(DATA PROVIDED):
..........
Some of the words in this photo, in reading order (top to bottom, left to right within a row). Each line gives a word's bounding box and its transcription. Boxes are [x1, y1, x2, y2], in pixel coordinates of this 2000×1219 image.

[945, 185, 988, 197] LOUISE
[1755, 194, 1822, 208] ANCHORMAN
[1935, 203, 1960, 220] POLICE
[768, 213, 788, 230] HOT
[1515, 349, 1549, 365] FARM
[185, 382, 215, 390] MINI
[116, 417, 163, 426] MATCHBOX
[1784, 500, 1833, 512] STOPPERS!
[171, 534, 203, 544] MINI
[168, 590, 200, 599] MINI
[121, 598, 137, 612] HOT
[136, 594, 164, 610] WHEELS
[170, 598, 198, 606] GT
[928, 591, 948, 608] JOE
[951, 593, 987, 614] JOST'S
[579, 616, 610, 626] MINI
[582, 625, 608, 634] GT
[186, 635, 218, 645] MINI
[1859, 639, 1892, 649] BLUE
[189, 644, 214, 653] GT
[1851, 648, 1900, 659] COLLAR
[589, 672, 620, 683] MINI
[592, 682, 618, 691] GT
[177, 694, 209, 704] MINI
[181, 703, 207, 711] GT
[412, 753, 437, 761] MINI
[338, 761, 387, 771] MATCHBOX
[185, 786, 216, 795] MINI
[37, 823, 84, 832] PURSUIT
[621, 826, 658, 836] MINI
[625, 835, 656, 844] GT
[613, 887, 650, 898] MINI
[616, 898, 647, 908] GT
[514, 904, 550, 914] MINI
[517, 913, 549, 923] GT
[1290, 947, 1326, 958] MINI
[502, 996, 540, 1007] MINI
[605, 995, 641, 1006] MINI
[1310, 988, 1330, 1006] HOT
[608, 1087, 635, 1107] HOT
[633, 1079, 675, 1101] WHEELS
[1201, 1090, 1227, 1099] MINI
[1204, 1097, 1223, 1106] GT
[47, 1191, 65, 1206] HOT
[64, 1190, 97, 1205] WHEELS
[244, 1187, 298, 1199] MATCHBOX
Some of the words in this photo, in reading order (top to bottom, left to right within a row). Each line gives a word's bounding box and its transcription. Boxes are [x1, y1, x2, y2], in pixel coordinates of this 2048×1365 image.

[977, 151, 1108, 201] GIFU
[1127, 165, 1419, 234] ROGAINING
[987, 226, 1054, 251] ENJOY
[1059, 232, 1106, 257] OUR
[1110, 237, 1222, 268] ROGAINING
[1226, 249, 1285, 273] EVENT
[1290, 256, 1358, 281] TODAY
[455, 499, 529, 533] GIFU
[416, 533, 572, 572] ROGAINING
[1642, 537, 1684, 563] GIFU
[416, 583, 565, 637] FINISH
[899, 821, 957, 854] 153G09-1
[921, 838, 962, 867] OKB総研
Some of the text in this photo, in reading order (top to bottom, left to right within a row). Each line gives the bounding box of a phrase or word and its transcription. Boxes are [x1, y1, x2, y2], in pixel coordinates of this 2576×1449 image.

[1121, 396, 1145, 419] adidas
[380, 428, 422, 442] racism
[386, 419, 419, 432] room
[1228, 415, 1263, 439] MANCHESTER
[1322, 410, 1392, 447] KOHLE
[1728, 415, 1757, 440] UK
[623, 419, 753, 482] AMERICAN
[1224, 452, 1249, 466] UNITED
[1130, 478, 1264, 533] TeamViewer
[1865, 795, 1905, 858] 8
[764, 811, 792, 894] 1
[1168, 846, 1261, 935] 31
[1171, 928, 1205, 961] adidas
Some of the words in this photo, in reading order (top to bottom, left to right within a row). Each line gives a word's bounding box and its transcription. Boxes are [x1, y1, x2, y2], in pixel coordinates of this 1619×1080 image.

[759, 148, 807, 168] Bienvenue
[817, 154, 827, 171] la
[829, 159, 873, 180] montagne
..........
(WHAT THE TASK REQUIRES):
Give the entries again exactly as they stand.

(TASK SOLUTION):
Some of the words in this photo, in reading order (top to bottom, left to right within a row). Each line gives a word's bounding box and its transcription. Boxes are [x1, y1, x2, y2], in pixel coordinates of this 2000×1219 image.

[945, 185, 988, 197] LOUISE
[1755, 194, 1822, 208] ANCHORMAN
[1935, 203, 1960, 220] POLICE
[768, 213, 788, 230] HOT
[1515, 349, 1549, 365] FARM
[185, 382, 215, 390] MINI
[116, 417, 163, 426] MATCHBOX
[1784, 500, 1833, 512] STOPPERS!
[171, 534, 203, 544] MINI
[168, 590, 200, 599] MINI
[121, 598, 137, 612] HOT
[136, 594, 164, 610] WHEELS
[170, 598, 198, 606] GT
[928, 591, 948, 608] JOE
[951, 593, 987, 614] JOST'S
[579, 616, 610, 626] MINI
[582, 625, 608, 634] GT
[186, 635, 218, 645] MINI
[1859, 639, 1892, 649] BLUE
[189, 644, 214, 653] GT
[1851, 648, 1900, 659] COLLAR
[589, 672, 620, 683] MINI
[592, 682, 618, 691] GT
[177, 694, 209, 704] MINI
[181, 703, 207, 711] GT
[412, 753, 437, 761] MINI
[338, 761, 387, 771] MATCHBOX
[185, 786, 216, 795] MINI
[37, 823, 84, 832] PURSUIT
[621, 826, 658, 836] MINI
[625, 835, 656, 844] GT
[613, 887, 650, 898] MINI
[616, 898, 647, 908] GT
[514, 904, 550, 914] MINI
[517, 913, 549, 923] GT
[1290, 947, 1326, 958] MINI
[502, 996, 540, 1007] MINI
[605, 995, 641, 1006] MINI
[1310, 988, 1330, 1006] HOT
[608, 1087, 635, 1107] HOT
[633, 1079, 675, 1101] WHEELS
[1201, 1090, 1227, 1099] MINI
[1204, 1097, 1223, 1106] GT
[47, 1191, 65, 1206] HOT
[64, 1190, 97, 1205] WHEELS
[244, 1187, 298, 1199] MATCHBOX
Some of the words in this photo, in reading order (top to bottom, left to right within a row). Each line gives a word's bounding box and its transcription. Boxes are [x1, y1, x2, y2], in pixel coordinates of this 2048×1365 image.

[977, 151, 1108, 201] GIFU
[1127, 165, 1419, 234] ROGAINING
[987, 226, 1054, 251] ENJOY
[1059, 232, 1106, 257] OUR
[1110, 237, 1222, 268] ROGAINING
[1226, 249, 1285, 273] EVENT
[1290, 256, 1358, 281] TODAY
[455, 499, 529, 533] GIFU
[416, 533, 572, 572] ROGAINING
[1642, 537, 1684, 563] GIFU
[416, 583, 565, 637] FINISH
[899, 821, 957, 854] 153G09-1
[921, 838, 962, 867] OKB総研
Some of the text in this photo, in reading order (top to bottom, left to right within a row). Each line gives the bounding box of a phrase or word and its transcription. Boxes are [x1, y1, x2, y2], in pixel coordinates of this 2576×1449 image.

[1121, 396, 1145, 419] adidas
[380, 428, 422, 442] racism
[386, 419, 419, 432] room
[1228, 415, 1263, 439] MANCHESTER
[1322, 410, 1392, 447] KOHLE
[1728, 415, 1757, 440] UK
[623, 419, 753, 482] AMERICAN
[1224, 452, 1249, 466] UNITED
[1130, 478, 1264, 533] TeamViewer
[1865, 795, 1905, 858] 8
[764, 811, 792, 894] 1
[1168, 846, 1261, 935] 31
[1171, 928, 1205, 961] adidas
Some of the words in this photo, in reading order (top to bottom, left to right within a row). Each line gives a word's bounding box and its transcription. Boxes are [x1, y1, x2, y2], in pixel coordinates of this 1619×1080 image.

[759, 148, 807, 168] Bienvenue
[817, 154, 827, 171] la
[829, 159, 873, 180] montagne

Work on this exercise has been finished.